KAI RYSSDAL: The check is in the mail, and this time it’s almost true. The first actual tax rebate checks are going to start going out tomorrow. Direct depositors, you might remember, started getting their money a week ago. In all, its $150 billion worth of economic stimulus just waiting to happen. Retailers are already salivating over a cut of your cash. Sears, Kroger’s grocery stores, Home Depot, everybody’s running ads to get you and your check into their stores, but buying stuff is not the only way to spend. We went looking for some of the more unusual things people are doing with their rebates. In Fresno, California, Cynthia Cooper heads up the local Coalition for Arts, Science and History

CYNTHIA COOPER: We’re just asking that they consider treating themselves. That maybe they become a member of an organization or they sponsor something or they buy membership for their family and friends or they buy tickets to a performance or a fund-raising or cultural event. That they, if they’re going to go do something that’s a treat for them, that they think in this area.

For the Reverend Mike Kinman, the focus isn’t local. It’s global. He runs Episcopalians for Global Reconciliation in St. Louis, Missouri

MIKE KINMAN: We’re urging people to take the economic stimulus check they’re getting from the government, and pledge to give all or part of it to organizations working to alleviate global poverty. For people who say: “Oh well, we need to consume because that’s what’s going to get the economy back on its feet,” what we say to that is the economy long-term is not sustainable. It’s not sustainable economically. It’s not sustainable environmentally and it’s not sustainable morally.
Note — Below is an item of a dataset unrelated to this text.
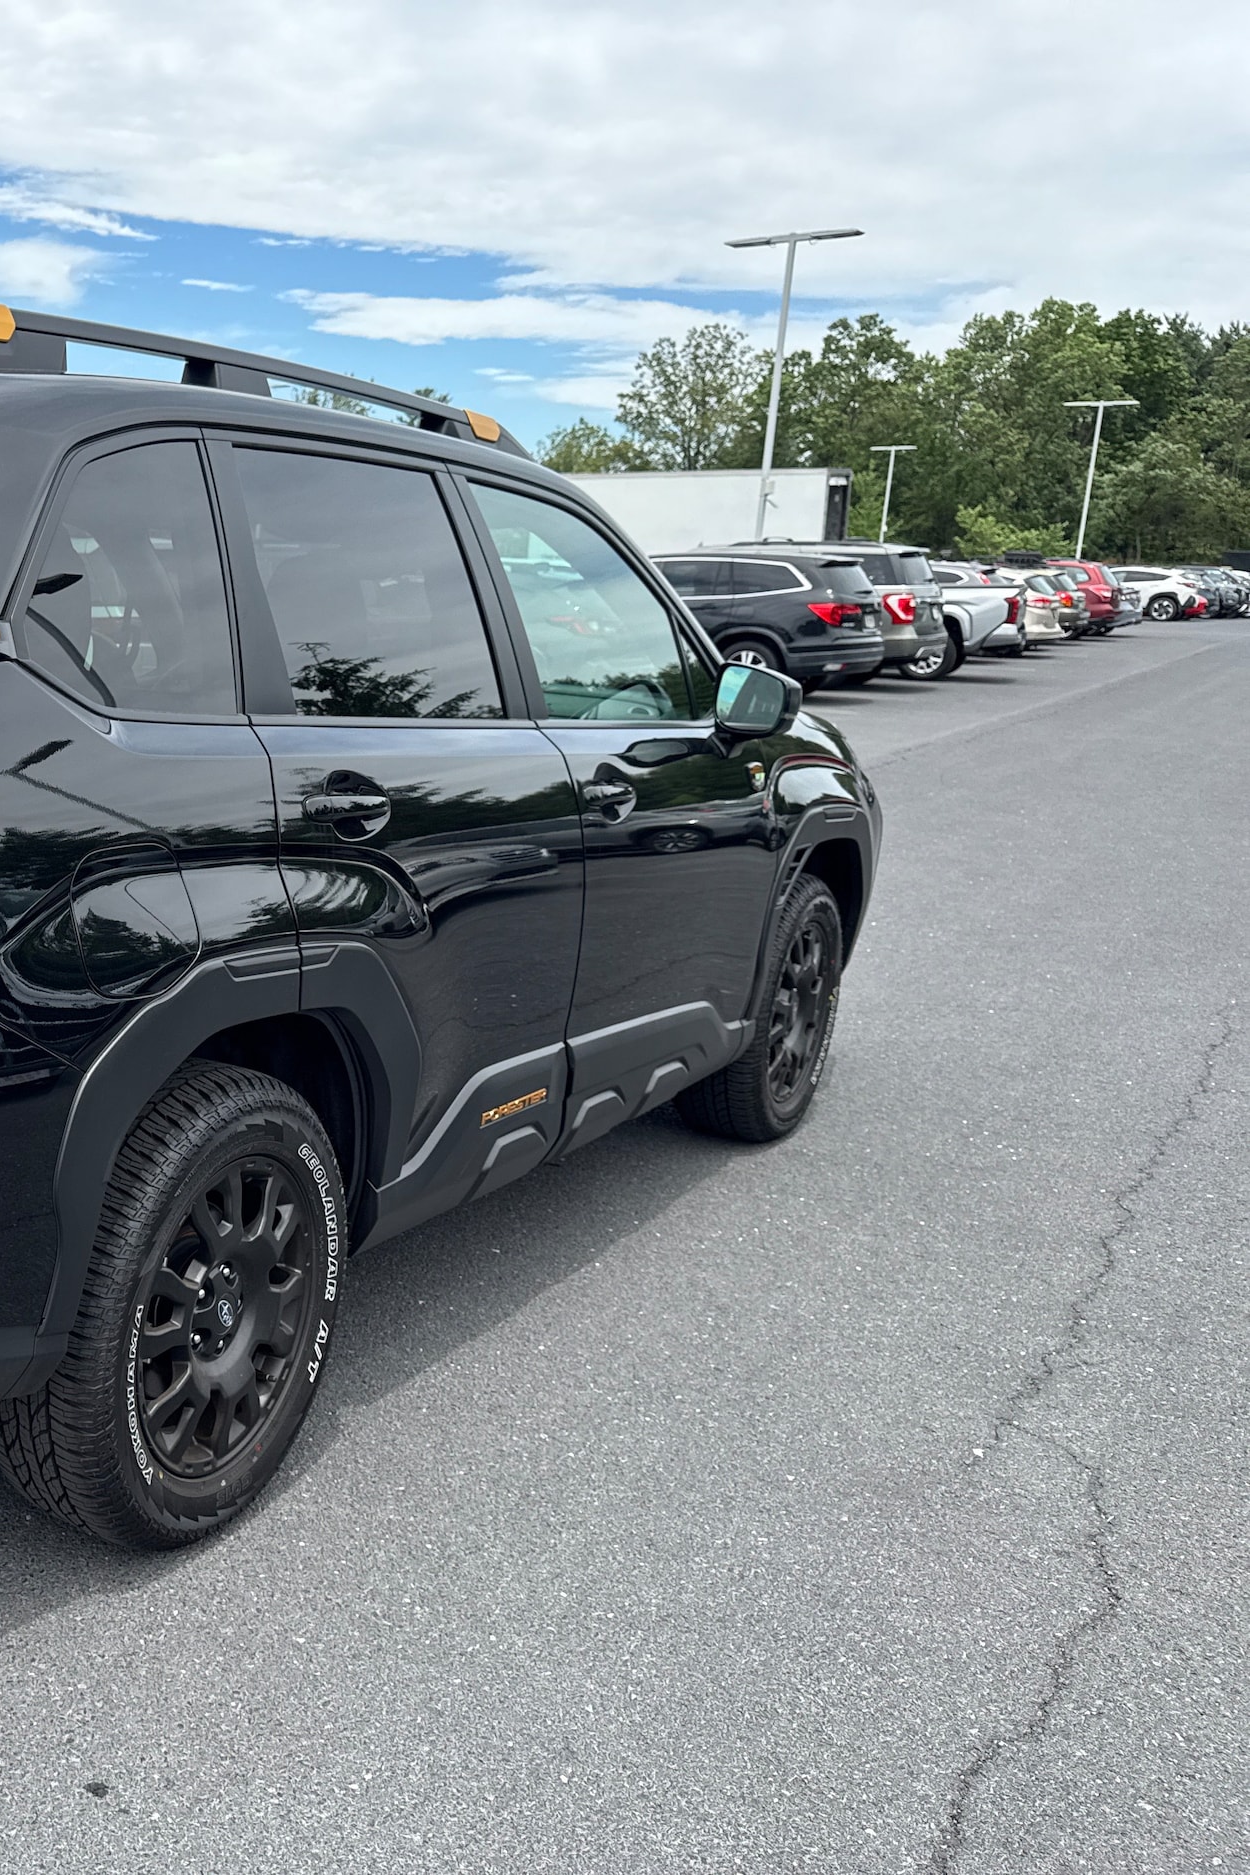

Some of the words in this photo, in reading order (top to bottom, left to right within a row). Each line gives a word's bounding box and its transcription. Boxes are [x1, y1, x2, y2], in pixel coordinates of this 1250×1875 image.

[480, 1088, 547, 1127] FORESTER
[297, 1143, 339, 1302] GEOLANDAR
[126, 1305, 154, 1486] YOKOHAMA
[307, 1318, 330, 1384] A/T
City planner Danny Klingler lives in Austin, Texas, but he loves his native Ohio. Loves it so much in fact that he did his master’s thesis on a historic German neighborhood in Cincinnati called Over the Rhine. He’s decided to plunk down his whole $600 rebate on saving a building there, and he’s opened a Web site where others can
do the same thing.

DANNY KLINGLER: I don’t need the $600 for anything. I live, you know, I’m not wealthy by any means, but I have money for food and shelter and medicine and healthcare, so I don’t need this, and why not put it towards something that’s going to benefit an entire city?

Robin McDermott’s from the city, or maybe it’s a town, of Waitsfield, Vermont. She’s a big fan of the local food movement, and she’s a Vermonter through and through. She’s running a rebate campaign called “Keep it in Vermont.” Two-hundred people have signed up so far.

ROBIN MCDERMOTT: They’re pledging to spend it at farmers’ markets. They’re putting in their own gardens to grow their own food, or one of the things that I’m doing with my money is I’m going to be giving a small portion of it to a little micro-grant fund here in our community that will fund small start-up businesses.

RYSSDAL: Now have you thought about an advertising campaign to get the folks from New Hampshire and Maine to come over and spend their money?

MCDERMOTT: You know, we’d like the people in New Hampshire and Maine to spend the money in New Hampshire and Maine.

Whether it’s worthy causes or retailers, convincing people to part with their rebate checks is going to be an uphill fight. A Reuters survey last week showed 70 percent of us are going to pay down debt or put that check right in the bank.